Zapier’s customer-centric marketing is a great example. Instead of explaining all the potential applications of its automation software, the company tells stories of real customers who’ve achieved their desired outcomes.

How Zapier uses successful Case Studies to express its customer centricity.

Zapier’s case study makes the company more relatable and trustworthy to potential customers, as implied by the line, “Companies like yours use Zapier to grow faster”.

3 great customer centricity examples

Customer-centric companies in your industry and beyond can offer helpful inspiration for your customer-focused initiatives.
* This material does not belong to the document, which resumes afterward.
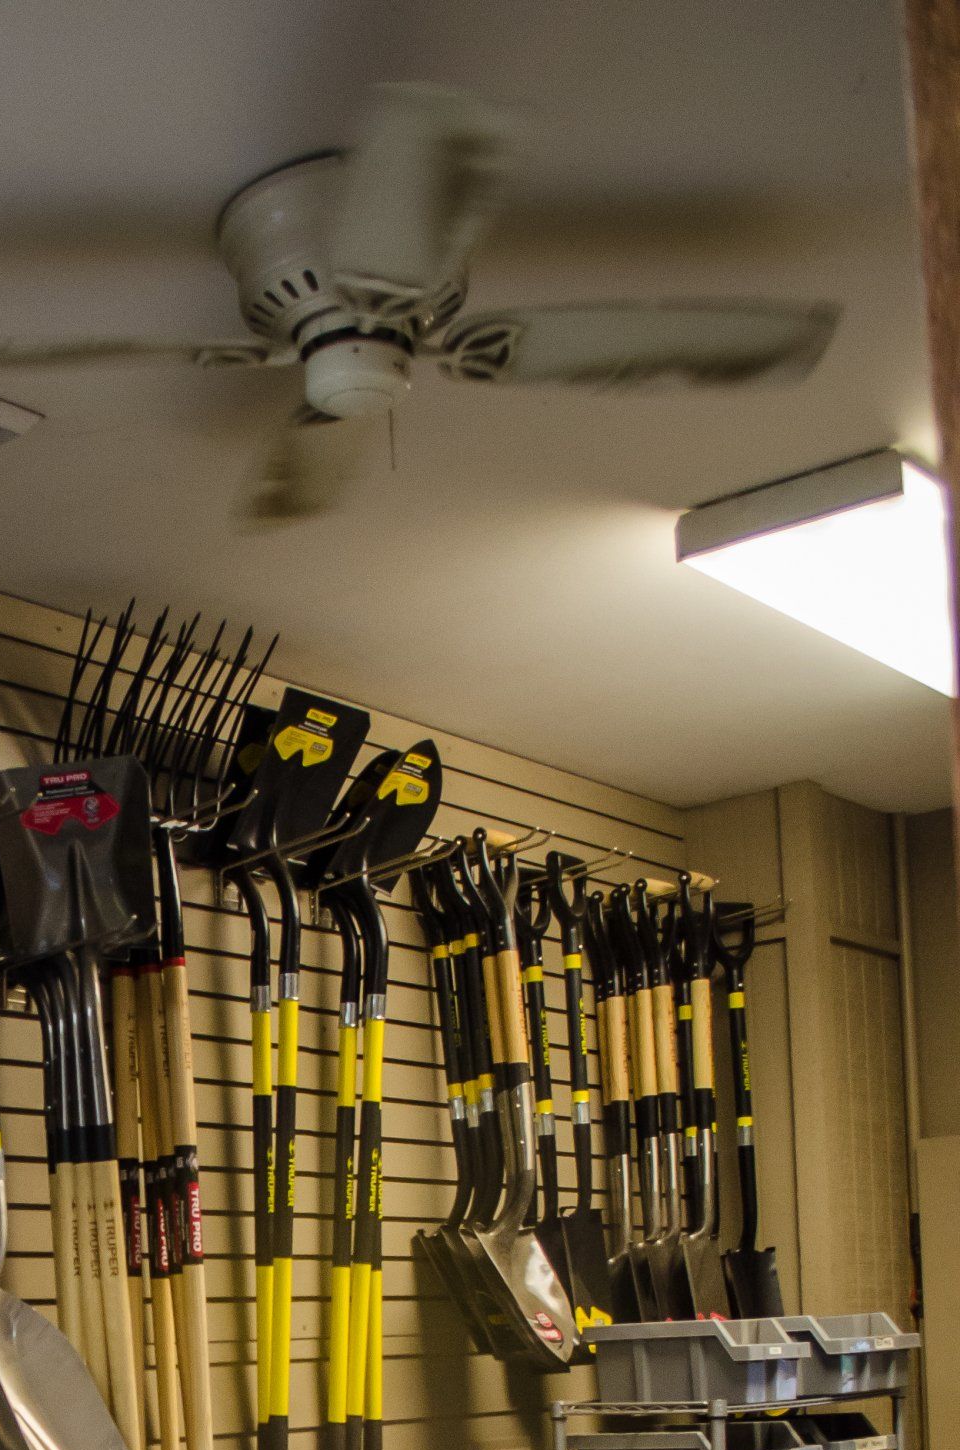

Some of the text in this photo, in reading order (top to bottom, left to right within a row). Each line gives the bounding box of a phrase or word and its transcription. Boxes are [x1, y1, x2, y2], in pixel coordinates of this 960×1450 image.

Here are three real-world examples of customer-centric strategies in action.

1. Pipedrive’s customizations and integrations

Pipedrive’s extensive customization and integration potential lets customers tailor the product to their needs without extra investment.

How Pipedrive expresses customer centricity by letting customers tailor the product to their needs.

For example, a small business owner who signs up for Pipedrive can keep integrating new features to support their company’s growth or even create their own integration using Pipedrive’s API, access to which is free with every plan.

Giving users the freedom to personalize their sales tool helps create positive customer experiences and makes it easier for Pipedrive to build long-term relationships with loyal customers.

Pipedrive user and Redlist Head of Sales Robert Williams said of his experience:

“We use Pipedrive entirely for our CRM. We use a lot of tools within Pipedrive. I’ve built full outbound prospecting cadences based on workflow automations. We use it to manage everything from outbound prospecting to managing our main sales pipeline, to managing our customer renewal pipeline.

Right now, we’ve got about seven salespeople and they’re all sending between three and four proposals a week. Do the math, even if it’s only saving us two hours per, that’s a whole extra day I’m getting out of the guys for each person on the team, so each week I’m gaining a week’s worth of productivity.”

2. Asana’s customer-driven product roadmap

Asana prioritizes customer feedback and input in its product development roadmap, as the company’s former head of customer journey, Michael Nguyen, explained in a Codementor interview.

How Asana strategy for customer centricity is listening closely to customers to align with their needs and expectations.

Listening so closely to customer views helps the company align its tool’s evolution with users’ needs and expectations. The user-first business strategy has also made Asana hugely popular in the project management software market.

Asana has used many learning methods we’ve covered in this post, including collecting data from frontline teams and various surveys.

3. Spotify’s hyper-personalized user experience

Spotify delivers hyper-personalized user experiences through recommendation algorithms, AI-powered virtual DJs and curated playlists.

Spotify is all-in in customer centricity by delivering hyper-personalized user experiences.

By analyzing listening habits, preferences and interactions, it tailors playlists and music recommendations to each user’s tastes and moods, keeping customers engaged with the platform for longer.

Spotify’s customer-centric approach strengthens customer loyalty and encourages positive word of mouth. Time reports that 156 million people engaged with the streaming platform’s “Wrapped” campaign in 2022, with many sharing their personalized listening reports and playlists.

Final thoughts

There’s no downside to becoming more customer-centric.

Following the advice in this post and putting customers first, you can learn more about your target audience, build stronger relationships and ultimately boost your bottom line.

As you make strategic changes to prioritize your audience, track key sales metrics like customer lifetime value, retention rates and sentiment. You’ll soon see the figures rise in response to your hard work.